Updating Education: What Changed in March 2026
- Eduettu

- 1 day ago
- 3 min read

March 2026 didn’t come with a big headline moment in education. There was no single reform or announcement that changed everything overnight. But if you step back and look across different systems, something more important becomes clear. Education isn’t being disrupted in the way people expected a few years ago. It is being stretched.
AI is no longer “new” — it’s embedded
A year ago, most conversations about AI in education felt cautious and experimental. Schools were testing tools. Teachers were trying things out. Policy sat slightly behind practice. Students are using it whether schools formally allow it or not. They use it to check answers, generate ideas, draft writing, and sometimes to complete entire tasks. It’s not always visible, and it’s not always guided. But it is there.
According to the OECD, the concern is no longer access to AI tools. It is what those tools are doing to the learning process itself. There is growing discussion around what some researchers are calling “false mastery,” where students can produce high-quality responses without fully understanding the underlying ideas.
This creates a subtle but important shift. From the outside, performance looks strong. Work is completed. Answers are correct. But underneath, the thinking is not always as secure as it appears.
In response, classrooms are adapting. Teachers are asking students to explain their thinking more often, to justify answers, to work through problems in real time. The focus is slowly moving away from what students produce and toward how they arrive there. It’s not a planned reform. It’s a practical adjustment to a new reality.
Attendance hasn’t collapsed — but it’s less stable
At the same time, another pattern is emerging that is less visible but just as important. Attendance is not falling dramatically in most systems. Instead, it has become less consistent.
Students are still going to school. They are just missing more individual days. A Friday here. A Monday there. Enough to disrupt continuity, but not enough to trigger immediate concern.
Data referenced by the UNESCO shows that while long-term access to education has improved globally, attendance and retention remain uneven, particularly in the years following the pandemic.
Inside classrooms, this shows up in small ways. Teachers find themselves repeating explanations more often. Lessons take longer to settle. Group work becomes harder to manage because not every student has the same starting point.

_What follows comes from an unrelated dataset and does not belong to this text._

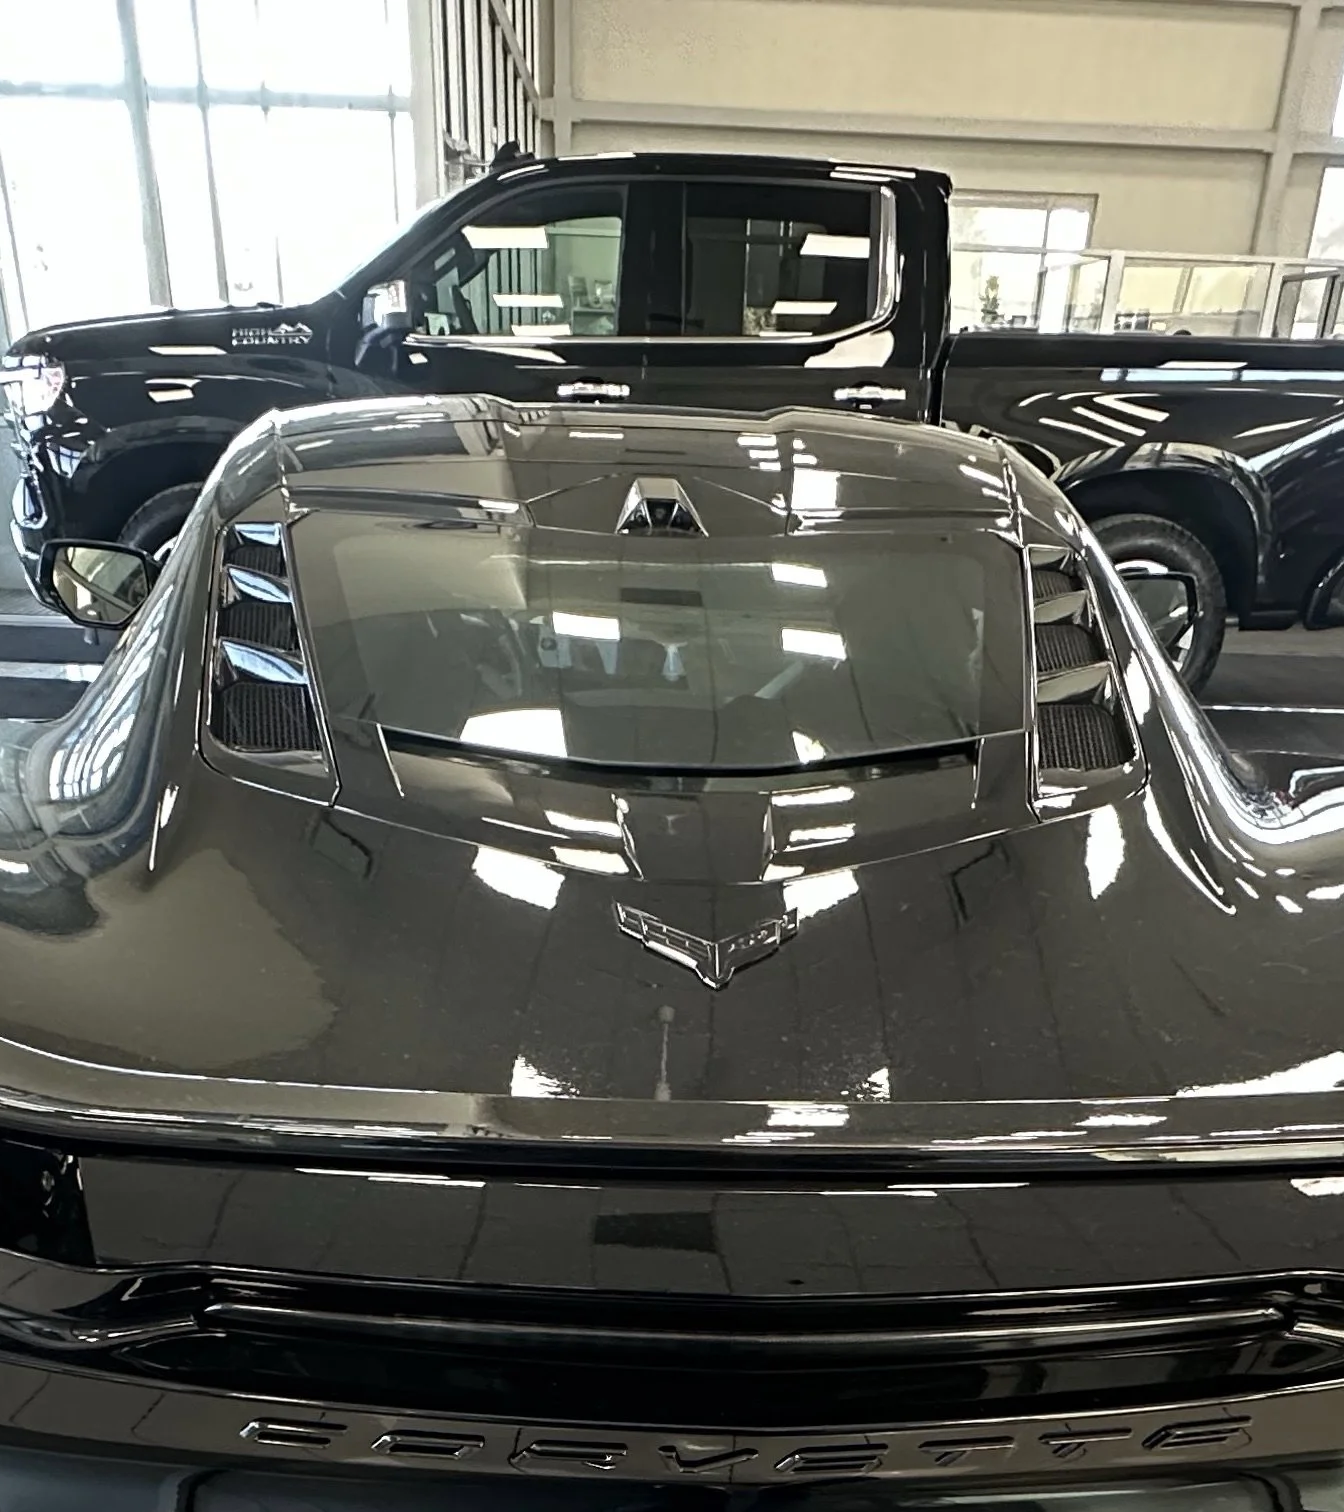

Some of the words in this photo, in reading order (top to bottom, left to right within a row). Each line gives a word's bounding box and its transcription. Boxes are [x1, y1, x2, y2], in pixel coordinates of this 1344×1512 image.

No single absence causes a problem, but the overall rhythm of learning becomes less stable.
The UNESCO continues to report that millions of children remain out of school, and many who are enrolled are not reaching expected learning levels. Completion rates vary widely, and disparities between regions remain significant.
Systems are slightly out of sync with students
When you put these trends together, a common thread emerges. Education systems are becoming slightly out of sync with the way students are actually learning and engaging.
Students now have constant access to information. They can generate responses quickly. They are more flexible in how they approach tasks and time. But systems are still built around older assumptions. That effort is visible in work. That attendance is consistent. That learning happens in a steady, linear sequence.
That gap does not cause immediate failure. But it does create friction. Teachers feel it in pacing. Students feel it in expectations. Parents notice it in motivation and consistency.
There is no single solution to what is happening right now, and there is unlikely to be a sudden transformation. What is more likely is gradual adjustment. Systems will continue to refine how AI is used, how attendance is understood, and how learning is assessed. Some will move faster than others. Some will prioritise stability over change.